WHAT TO PRODUCE —
Copy each entry exactly, leaving nothing out.

——

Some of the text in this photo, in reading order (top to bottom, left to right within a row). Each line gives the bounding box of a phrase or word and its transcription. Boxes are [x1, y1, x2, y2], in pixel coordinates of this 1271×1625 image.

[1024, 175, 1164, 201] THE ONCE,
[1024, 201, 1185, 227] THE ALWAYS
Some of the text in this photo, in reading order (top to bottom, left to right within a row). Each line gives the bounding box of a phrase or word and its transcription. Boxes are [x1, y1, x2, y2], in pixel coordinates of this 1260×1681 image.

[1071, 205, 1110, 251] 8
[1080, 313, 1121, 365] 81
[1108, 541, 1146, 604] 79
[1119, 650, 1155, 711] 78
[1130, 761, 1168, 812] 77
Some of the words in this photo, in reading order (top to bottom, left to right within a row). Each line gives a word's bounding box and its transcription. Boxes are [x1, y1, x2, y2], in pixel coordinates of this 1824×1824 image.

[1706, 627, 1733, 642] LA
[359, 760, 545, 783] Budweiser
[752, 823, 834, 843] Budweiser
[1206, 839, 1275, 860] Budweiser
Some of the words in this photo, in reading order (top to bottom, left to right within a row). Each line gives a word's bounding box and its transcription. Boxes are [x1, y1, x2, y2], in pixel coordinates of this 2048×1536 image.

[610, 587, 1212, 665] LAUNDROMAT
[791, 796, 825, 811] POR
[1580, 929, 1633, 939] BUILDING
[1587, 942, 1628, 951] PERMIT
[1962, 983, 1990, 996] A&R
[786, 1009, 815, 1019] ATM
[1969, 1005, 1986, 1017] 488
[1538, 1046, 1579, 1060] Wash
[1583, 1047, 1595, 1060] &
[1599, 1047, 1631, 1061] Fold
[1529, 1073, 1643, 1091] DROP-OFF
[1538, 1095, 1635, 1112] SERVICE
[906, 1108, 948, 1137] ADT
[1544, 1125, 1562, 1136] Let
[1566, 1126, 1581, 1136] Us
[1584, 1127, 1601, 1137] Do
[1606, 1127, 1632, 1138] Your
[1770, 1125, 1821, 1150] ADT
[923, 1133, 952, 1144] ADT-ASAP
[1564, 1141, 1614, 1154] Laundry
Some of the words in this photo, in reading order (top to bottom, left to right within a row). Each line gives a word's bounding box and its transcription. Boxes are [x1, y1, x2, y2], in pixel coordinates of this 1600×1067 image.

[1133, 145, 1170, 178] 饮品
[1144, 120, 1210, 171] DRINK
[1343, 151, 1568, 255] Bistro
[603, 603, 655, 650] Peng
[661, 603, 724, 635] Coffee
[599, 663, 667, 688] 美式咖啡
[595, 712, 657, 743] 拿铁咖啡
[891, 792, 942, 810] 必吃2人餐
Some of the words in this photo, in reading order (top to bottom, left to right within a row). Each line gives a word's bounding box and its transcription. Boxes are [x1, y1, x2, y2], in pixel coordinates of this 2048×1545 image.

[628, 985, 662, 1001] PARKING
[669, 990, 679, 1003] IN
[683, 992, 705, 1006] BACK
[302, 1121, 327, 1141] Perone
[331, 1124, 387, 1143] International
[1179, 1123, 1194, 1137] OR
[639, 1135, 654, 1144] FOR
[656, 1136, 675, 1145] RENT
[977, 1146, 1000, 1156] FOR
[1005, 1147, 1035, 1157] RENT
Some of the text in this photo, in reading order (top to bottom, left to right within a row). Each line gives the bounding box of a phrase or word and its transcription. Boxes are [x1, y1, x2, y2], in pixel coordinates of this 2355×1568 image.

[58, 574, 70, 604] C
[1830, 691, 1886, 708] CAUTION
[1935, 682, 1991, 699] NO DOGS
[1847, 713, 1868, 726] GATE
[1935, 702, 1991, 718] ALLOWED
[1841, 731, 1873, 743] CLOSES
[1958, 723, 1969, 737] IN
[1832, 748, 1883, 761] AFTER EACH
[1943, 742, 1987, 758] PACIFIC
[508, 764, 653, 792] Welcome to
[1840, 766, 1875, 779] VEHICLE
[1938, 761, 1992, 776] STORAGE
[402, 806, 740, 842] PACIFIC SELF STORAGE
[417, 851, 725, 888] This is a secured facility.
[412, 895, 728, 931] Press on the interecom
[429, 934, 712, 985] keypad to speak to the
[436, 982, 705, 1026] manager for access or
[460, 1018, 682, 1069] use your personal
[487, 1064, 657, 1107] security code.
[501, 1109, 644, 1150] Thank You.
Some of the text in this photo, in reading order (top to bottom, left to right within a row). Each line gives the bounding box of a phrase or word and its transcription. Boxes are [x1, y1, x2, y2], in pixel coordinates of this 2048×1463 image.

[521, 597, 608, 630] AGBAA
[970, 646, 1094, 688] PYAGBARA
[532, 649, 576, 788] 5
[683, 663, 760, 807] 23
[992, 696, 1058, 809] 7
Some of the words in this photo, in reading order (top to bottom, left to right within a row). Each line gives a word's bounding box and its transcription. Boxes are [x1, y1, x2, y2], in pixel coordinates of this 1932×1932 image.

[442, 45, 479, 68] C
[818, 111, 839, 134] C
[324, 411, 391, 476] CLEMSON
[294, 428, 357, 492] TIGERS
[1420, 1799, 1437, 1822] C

——

OUTPUT FOR THIS TASK —
Some of the text in this photo, in reading order (top to bottom, left to right within a row). Each line gives the bounding box of a phrase or word and its transcription. Boxes are [x1, y1, x2, y2], in pixel coordinates of this 1271×1625 image.

[1024, 175, 1164, 201] THE ONCE,
[1024, 201, 1185, 227] THE ALWAYS
Some of the text in this photo, in reading order (top to bottom, left to right within a row). Each line gives the bounding box of a phrase or word and its transcription. Boxes are [x1, y1, x2, y2], in pixel coordinates of this 1260×1681 image.

[1071, 205, 1110, 251] 8
[1080, 313, 1121, 365] 81
[1108, 541, 1146, 604] 79
[1119, 650, 1155, 711] 78
[1130, 761, 1168, 812] 77
Some of the words in this photo, in reading order (top to bottom, left to right within a row). Each line gives a word's bounding box and its transcription. Boxes are [x1, y1, x2, y2], in pixel coordinates of this 1824×1824 image.

[1706, 627, 1733, 642] LA
[359, 760, 545, 783] Budweiser
[752, 823, 834, 843] Budweiser
[1206, 839, 1275, 860] Budweiser
Some of the words in this photo, in reading order (top to bottom, left to right within a row). Each line gives a word's bounding box and its transcription. Boxes are [x1, y1, x2, y2], in pixel coordinates of this 2048×1536 image.

[610, 587, 1212, 665] LAUNDROMAT
[791, 796, 825, 811] POR
[1580, 929, 1633, 939] BUILDING
[1587, 942, 1628, 951] PERMIT
[1962, 983, 1990, 996] A&R
[786, 1009, 815, 1019] ATM
[1969, 1005, 1986, 1017] 488
[1538, 1046, 1579, 1060] Wash
[1583, 1047, 1595, 1060] &
[1599, 1047, 1631, 1061] Fold
[1529, 1073, 1643, 1091] DROP-OFF
[1538, 1095, 1635, 1112] SERVICE
[906, 1108, 948, 1137] ADT
[1544, 1125, 1562, 1136] Let
[1566, 1126, 1581, 1136] Us
[1584, 1127, 1601, 1137] Do
[1606, 1127, 1632, 1138] Your
[1770, 1125, 1821, 1150] ADT
[923, 1133, 952, 1144] ADT-ASAP
[1564, 1141, 1614, 1154] Laundry
Some of the words in this photo, in reading order (top to bottom, left to right within a row). Each line gives a word's bounding box and its transcription. Boxes are [x1, y1, x2, y2], in pixel coordinates of this 1600×1067 image.

[1133, 145, 1170, 178] 饮品
[1144, 120, 1210, 171] DRINK
[1343, 151, 1568, 255] Bistro
[603, 603, 655, 650] Peng
[661, 603, 724, 635] Coffee
[599, 663, 667, 688] 美式咖啡
[595, 712, 657, 743] 拿铁咖啡
[891, 792, 942, 810] 必吃2人餐
Some of the words in this photo, in reading order (top to bottom, left to right within a row). Each line gives a word's bounding box and its transcription. Boxes are [x1, y1, x2, y2], in pixel coordinates of this 2048×1545 image.

[628, 985, 662, 1001] PARKING
[669, 990, 679, 1003] IN
[683, 992, 705, 1006] BACK
[302, 1121, 327, 1141] Perone
[331, 1124, 387, 1143] International
[1179, 1123, 1194, 1137] OR
[639, 1135, 654, 1144] FOR
[656, 1136, 675, 1145] RENT
[977, 1146, 1000, 1156] FOR
[1005, 1147, 1035, 1157] RENT
Some of the text in this photo, in reading order (top to bottom, left to right within a row). Each line gives the bounding box of a phrase or word and its transcription. Boxes are [x1, y1, x2, y2], in pixel coordinates of this 2355×1568 image.

[58, 574, 70, 604] C
[1830, 691, 1886, 708] CAUTION
[1935, 682, 1991, 699] NO DOGS
[1847, 713, 1868, 726] GATE
[1935, 702, 1991, 718] ALLOWED
[1841, 731, 1873, 743] CLOSES
[1958, 723, 1969, 737] IN
[1832, 748, 1883, 761] AFTER EACH
[1943, 742, 1987, 758] PACIFIC
[508, 764, 653, 792] Welcome to
[1840, 766, 1875, 779] VEHICLE
[1938, 761, 1992, 776] STORAGE
[402, 806, 740, 842] PACIFIC SELF STORAGE
[417, 851, 725, 888] This is a secured facility.
[412, 895, 728, 931] Press on the interecom
[429, 934, 712, 985] keypad to speak to the
[436, 982, 705, 1026] manager for access or
[460, 1018, 682, 1069] use your personal
[487, 1064, 657, 1107] security code.
[501, 1109, 644, 1150] Thank You.
Some of the text in this photo, in reading order (top to bottom, left to right within a row). Each line gives the bounding box of a phrase or word and its transcription. Boxes are [x1, y1, x2, y2], in pixel coordinates of this 2048×1463 image.

[521, 597, 608, 630] AGBAA
[970, 646, 1094, 688] PYAGBARA
[532, 649, 576, 788] 5
[683, 663, 760, 807] 23
[992, 696, 1058, 809] 7
Some of the words in this photo, in reading order (top to bottom, left to right within a row). Each line gives a word's bounding box and its transcription. Boxes are [x1, y1, x2, y2], in pixel coordinates of this 1932×1932 image.

[442, 45, 479, 68] C
[818, 111, 839, 134] C
[324, 411, 391, 476] CLEMSON
[294, 428, 357, 492] TIGERS
[1420, 1799, 1437, 1822] C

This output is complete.